Ow! My eyes! It burns!… No, nothing entered it… Its seeing some ish dudes put on these days in the name of swag abi fashion (I’m not even sure anymore) that’s hurting my eyes…
First, it started with the matching colours…the shirts, the belt, with their shoes, then wristwatch and sunglasses, all colour-coded… Like c’mon, we know you guys know your colours, after all, you’re not in kindergarten… Puhleeze! You look like overgrown toddlers.
Second came the skinnys, which evolved to ‘super’ skinnys… Why da hell will we want to see your shape?… *puke* Right now, if you look at just the legs, you wouldn’t know if its a girl’s or a dude’s. Then the skinnys took a turn for the worse by coming in varieties of colours, light blue, purple, green, and my three most hated, orange, yellow, and pink…*smh* Are you guys serious? Wearing pink skinnys? Hmmm… Once upon a time, I thought that’s how we identified homos?!…hian!

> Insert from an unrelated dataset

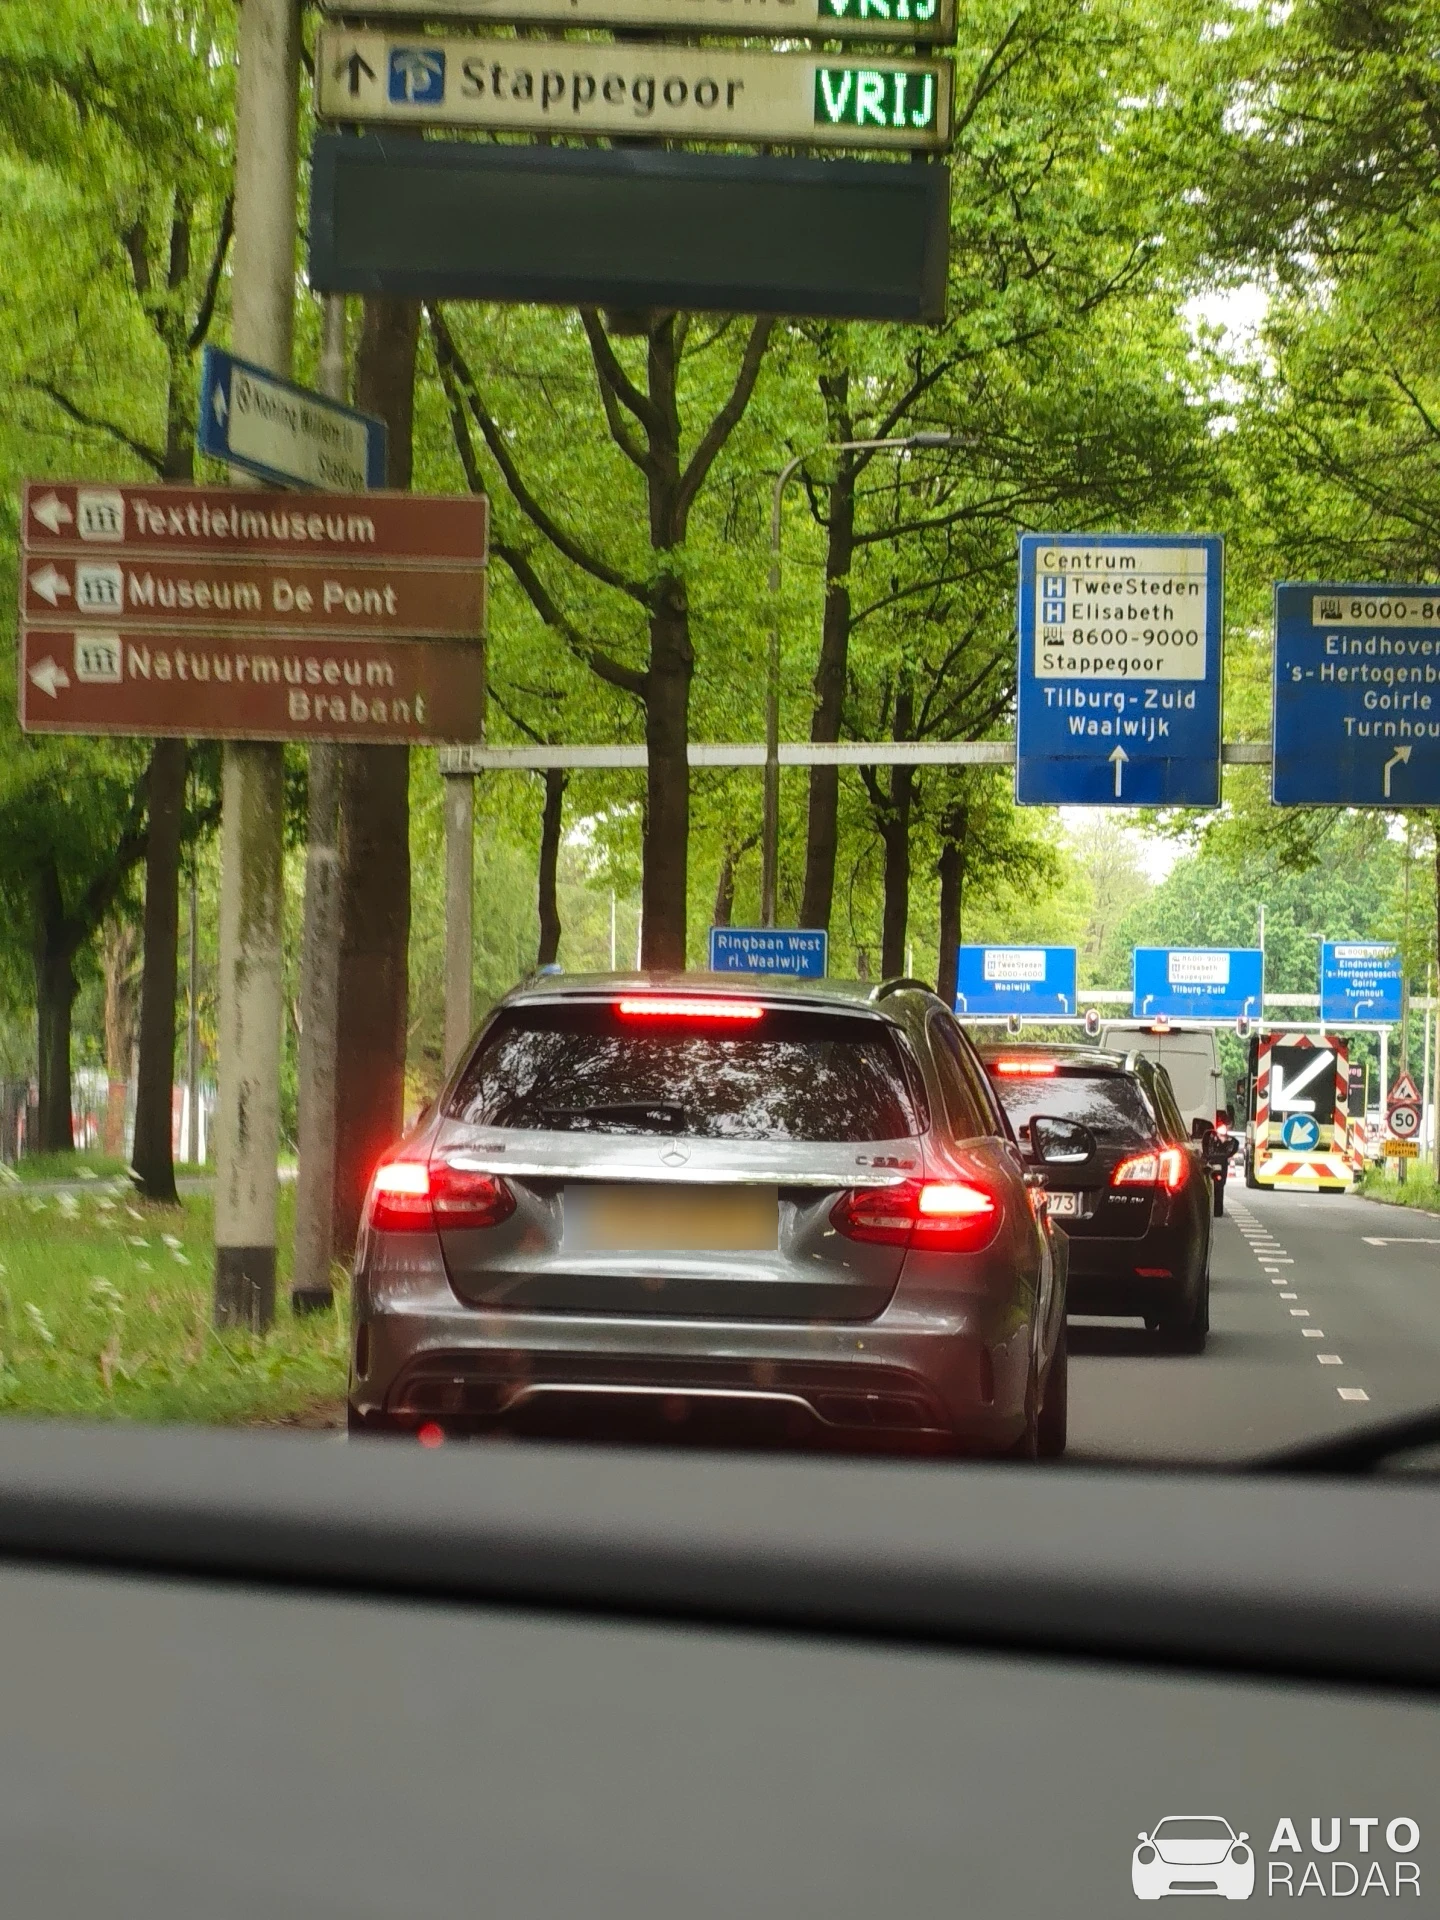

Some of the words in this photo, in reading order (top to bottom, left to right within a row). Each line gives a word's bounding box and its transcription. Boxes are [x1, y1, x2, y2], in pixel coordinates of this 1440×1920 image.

And the third that assaults my sensibilities are the three-quaters called Carrots? ko Carots? (hope I spelt it well)… What was wrong with the three-quaters we had before? Ehn? That someone had to now put rubber inside the hem! Ok… Its not that its thaaat baaaad, its just that it really isn’t for everyone… Na by force to where am if e no fit you? *rme* Then if e finally fit you, how some dudes go come forget to rub cream on their ankles? They’ll now be looking like children of harmattan…tor, na una sabi o
I know some people will say I’m being judgmental, well, to such people I say ‘suck on it’… And if you fall into any category here, no hard feelings… I’m just a dude expressing my freedom of speech right…can I get an amen? Lol.